- Born: Faisalabad, Punjab, Pakistan
- Education: COMSATS University (MSc)
- Occupation: Game developer
- Notable work: Founder of PixelArt Games Academy

= Sadia Bashir =

Pakistani computer scientist

Sadia Bashir (سعدیہ بشیر) is a Pakistani video game developer who is the founder and chief executive officer (CEO) of PixelArt Games Academy.

==Early life and education==
Sadia Bashir was born into a family where women's education was not prioritised. Determined to study at an English-medium school, she self-funded her education through tutoring and stitching clothes. After enrolling, she struggled to adjust due to her family's socio-economic background and sought refuge in the school library, where she independently explored graphic design, computer science, and gaming. Her interest in gaming began during childhood while playing video games with her brother's friends.
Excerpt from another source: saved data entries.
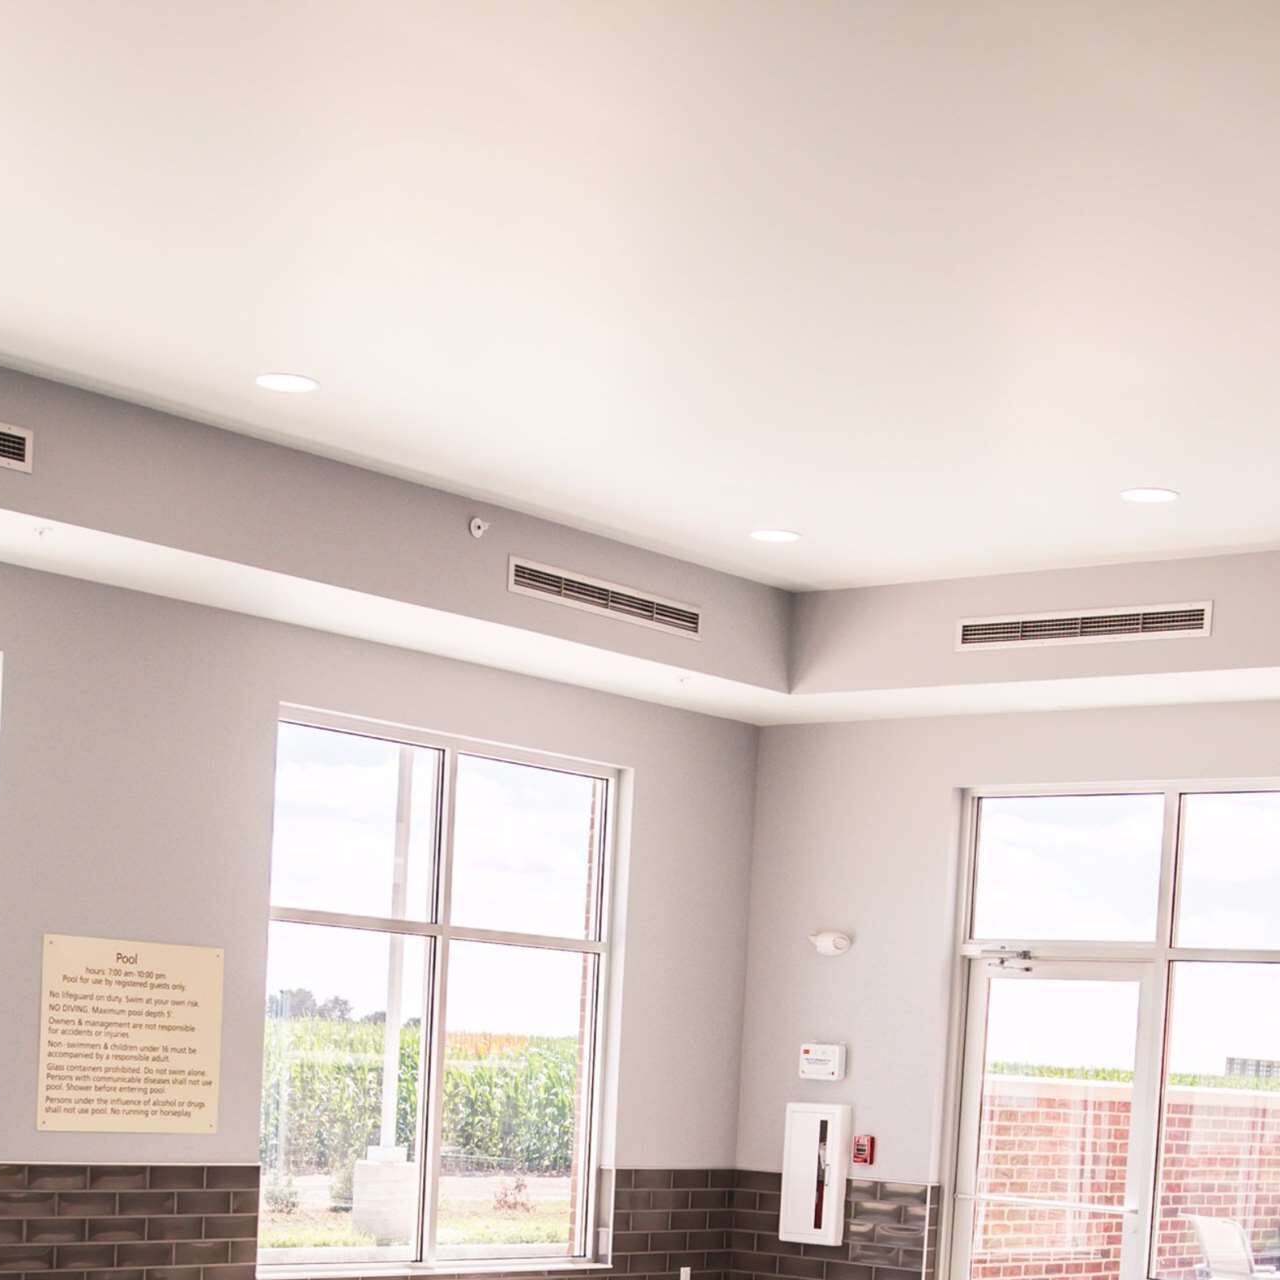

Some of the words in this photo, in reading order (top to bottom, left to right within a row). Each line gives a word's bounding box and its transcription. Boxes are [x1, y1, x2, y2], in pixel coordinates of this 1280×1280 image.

[116, 952, 138, 964] Pool
[62, 974, 78, 983] Pool
[80, 976, 89, 984] for
[105, 977, 113, 987] by
[115, 979, 148, 989] registered
[149, 982, 170, 990] guests
[49, 990, 60, 998] No
[61, 991, 94, 1002] lifeguard
[126, 995, 144, 1003] Swim
[92, 1006, 126, 1015] Maximum
[128, 1009, 144, 1017] pool
[145, 1009, 165, 1018] depth
[48, 1016, 76, 1025] Owners
[78, 1018, 83, 1026] &
[85, 1020, 130, 1030] management
[158, 1024, 196, 1032] responsible
[48, 1026, 58, 1034] for
[103, 1042, 108, 1050] &
[110, 1043, 137, 1051] children
[188, 1046, 197, 1054] be
[48, 1051, 94, 1059] accompanied
[96, 1052, 103, 1062] by
[46, 1063, 65, 1071] Glass
[46, 1073, 73, 1081] Persons
[144, 1076, 170, 1084] diseases
[66, 1082, 92, 1091] Shower
[94, 1084, 117, 1092] before
[118, 1086, 148, 1095] entering
[46, 1096, 72, 1104] Persons
[187, 1100, 205, 1110] drugs
[45, 1105, 61, 1113] shall
[110, 1107, 120, 1115] No
[122, 1109, 149, 1117] running
By age 13, Bashir had started designing her own games. She continued working part-time to finance her university education, eventually earning a Bachelor of Science in computer science. She later completed a master's degree in computer science.

== Career ==
Bashir began her career as a programmer before transitioning to game development. With financial backing from a mentor, she and a colleague established a small basement studio to create games.

In 2016, Bashir founded PixelArt Games Academy, an academy focused on game development training, research, and industry collaboration.